Anglers have reported good walleye action this past week. Anglers are working 
sunken points and flooded timber with sonars, buckshot spoons, jigging raps, 
nils, and chubby darters tipped with minnows or minnow heads. The best bite is 
at dawn and dusk. The better spots have been the trees of Stromme Addition, 
the sunken railroad and gravel pits in Mission Bay, Ft. Totten/Cactus Point, 
Rocky/Military points, Bud Bay, Doc Hagen's, the north end of Six Mile, the 
Golden Highway, and the trees and humps in the Flats.

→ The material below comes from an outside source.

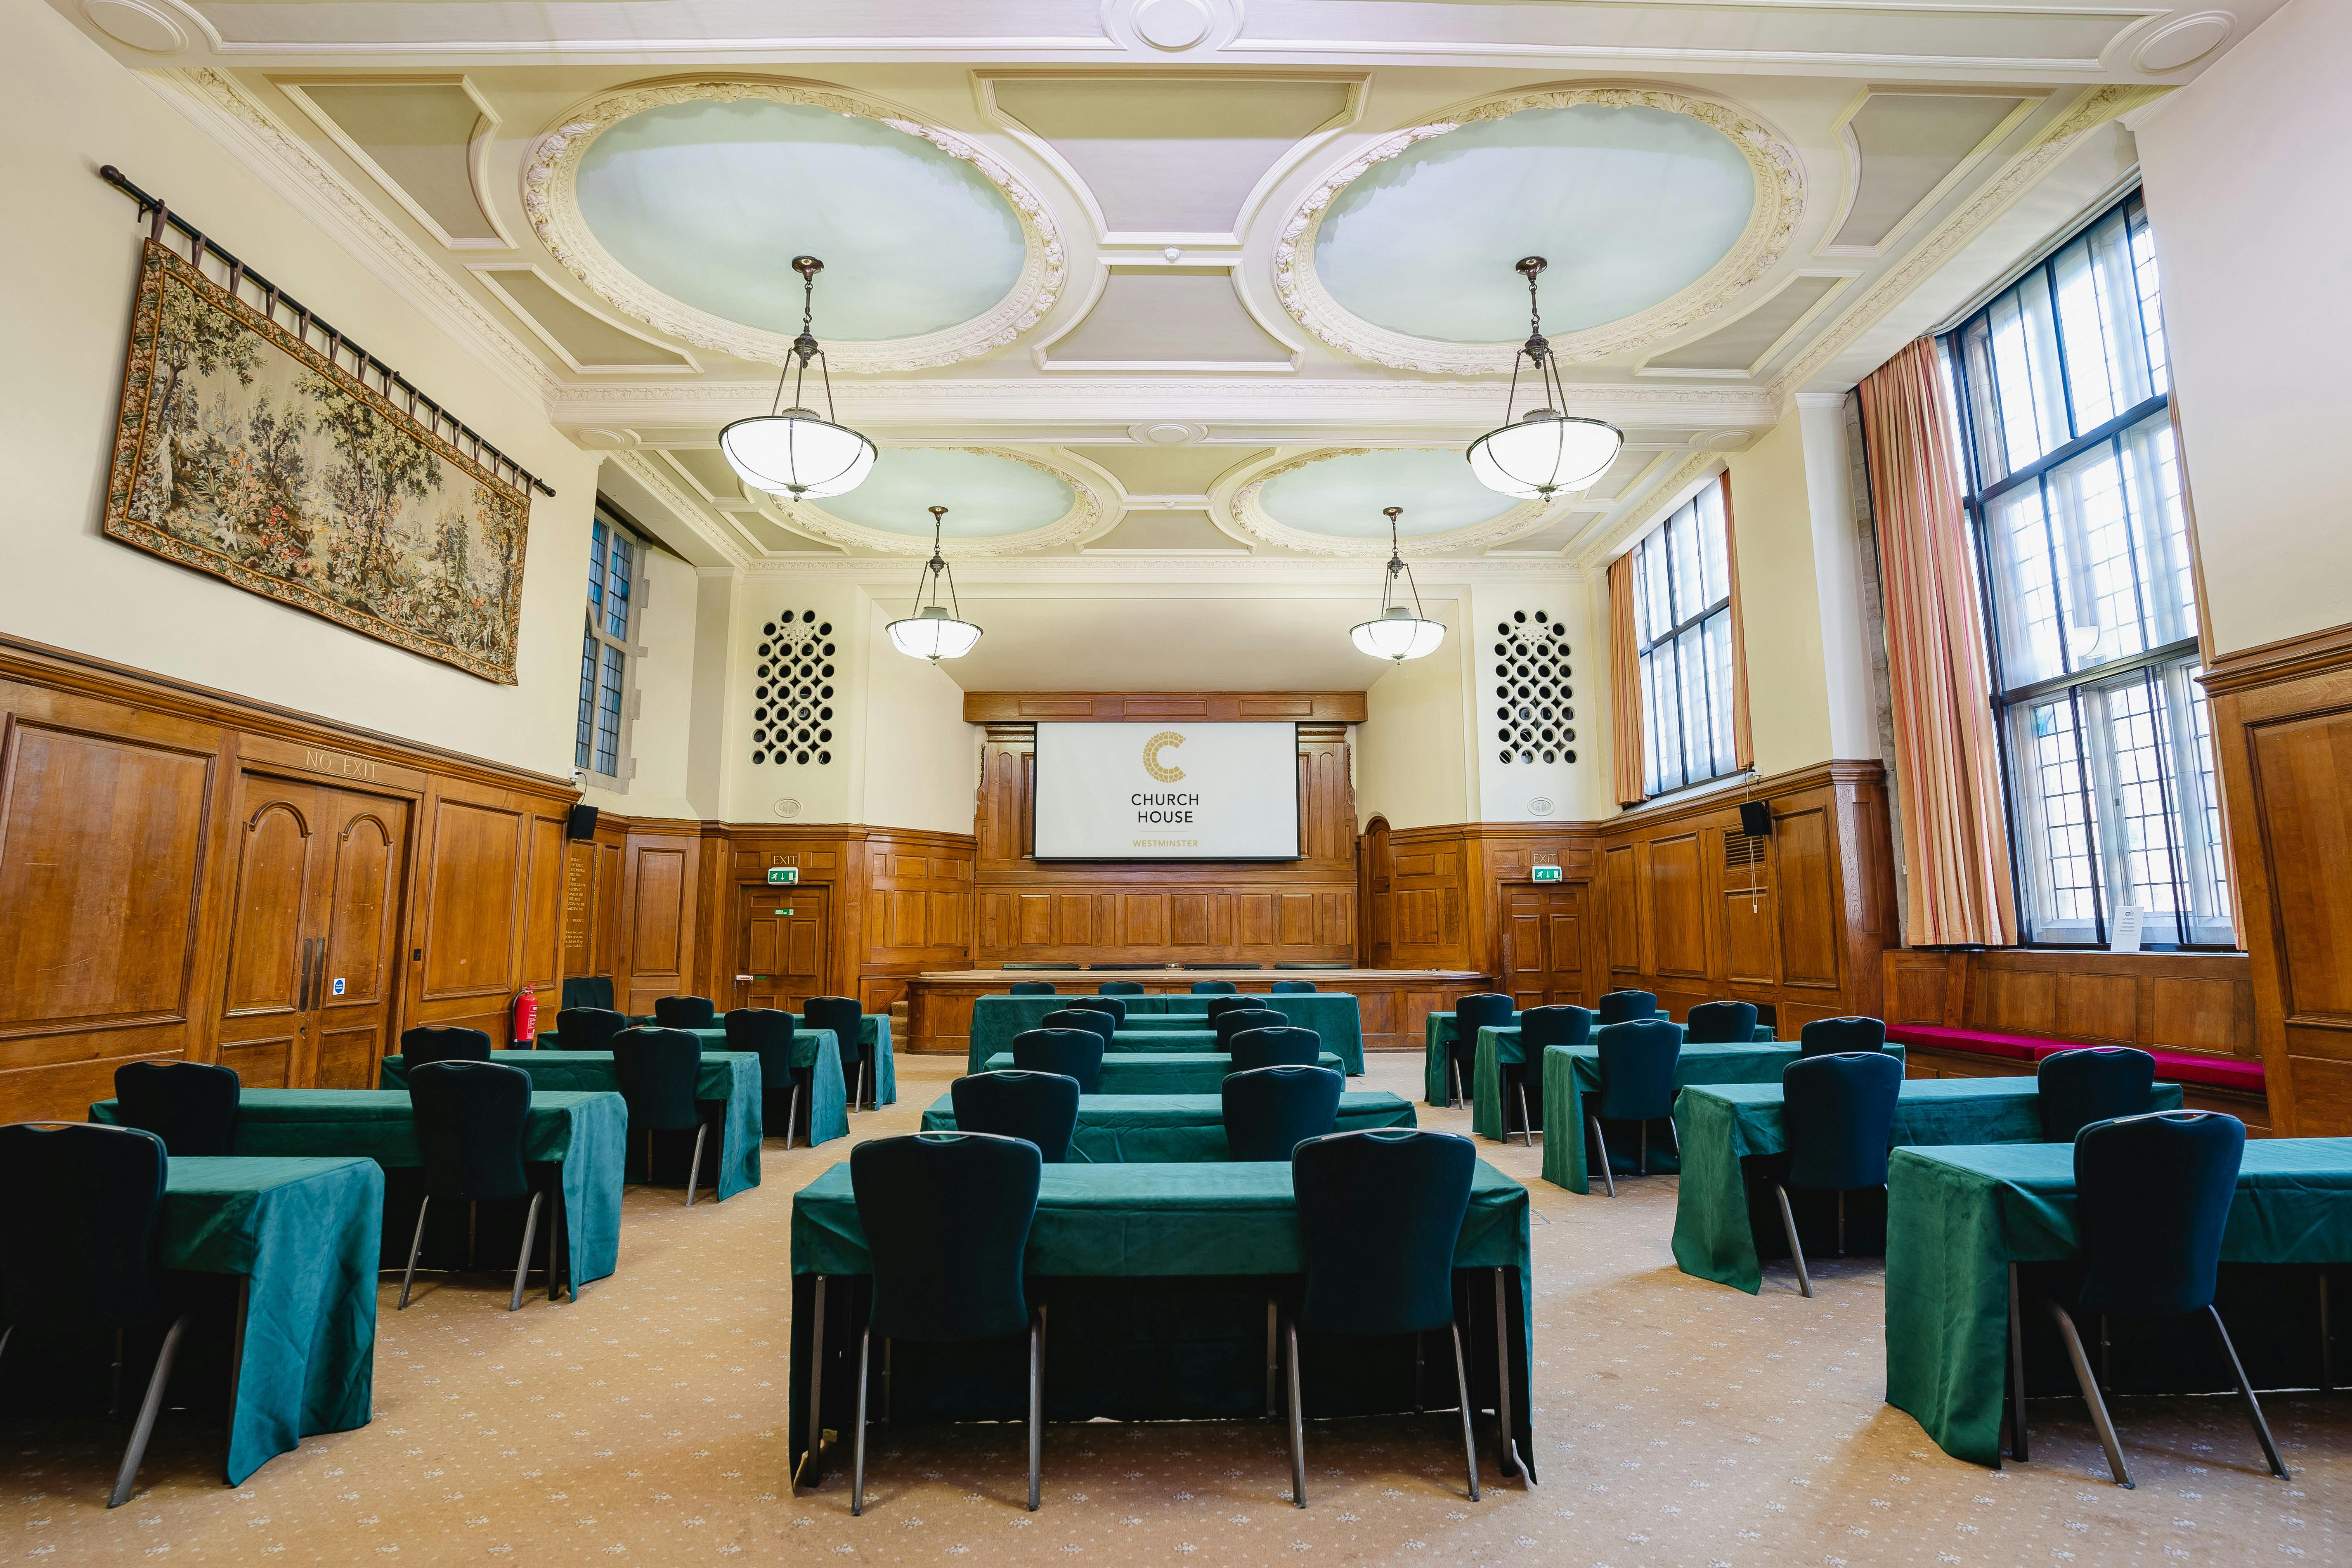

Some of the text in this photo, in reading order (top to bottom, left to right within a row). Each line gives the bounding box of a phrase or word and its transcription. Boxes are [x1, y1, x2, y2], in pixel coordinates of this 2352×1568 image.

This past week anglers 
have even reported a few perch catches. Not a lot of fish, but at least some 
action. The better spots have been Swanson's Point, the Dome house area, 
Military Point, and the Country Club area. A plain hook and a minnow off a 
slip bobber has been working the best, but some are also being caught on small 
jigs such as haley's, genz worms, hot heads, rocker minnows, and cobra heads 
tipped with wax worms, spikes, or minnow heads. Pike fishing remains good with 
the best action at Lake Irvin, Sweetwater/Morrison, the north end of Six Mile 
Bay, north end of Creel Bay, and Wolfords Bay. Tip-ups with smelt or herring 
have been working the best. Good Luck & Good Fishing!!!!


----------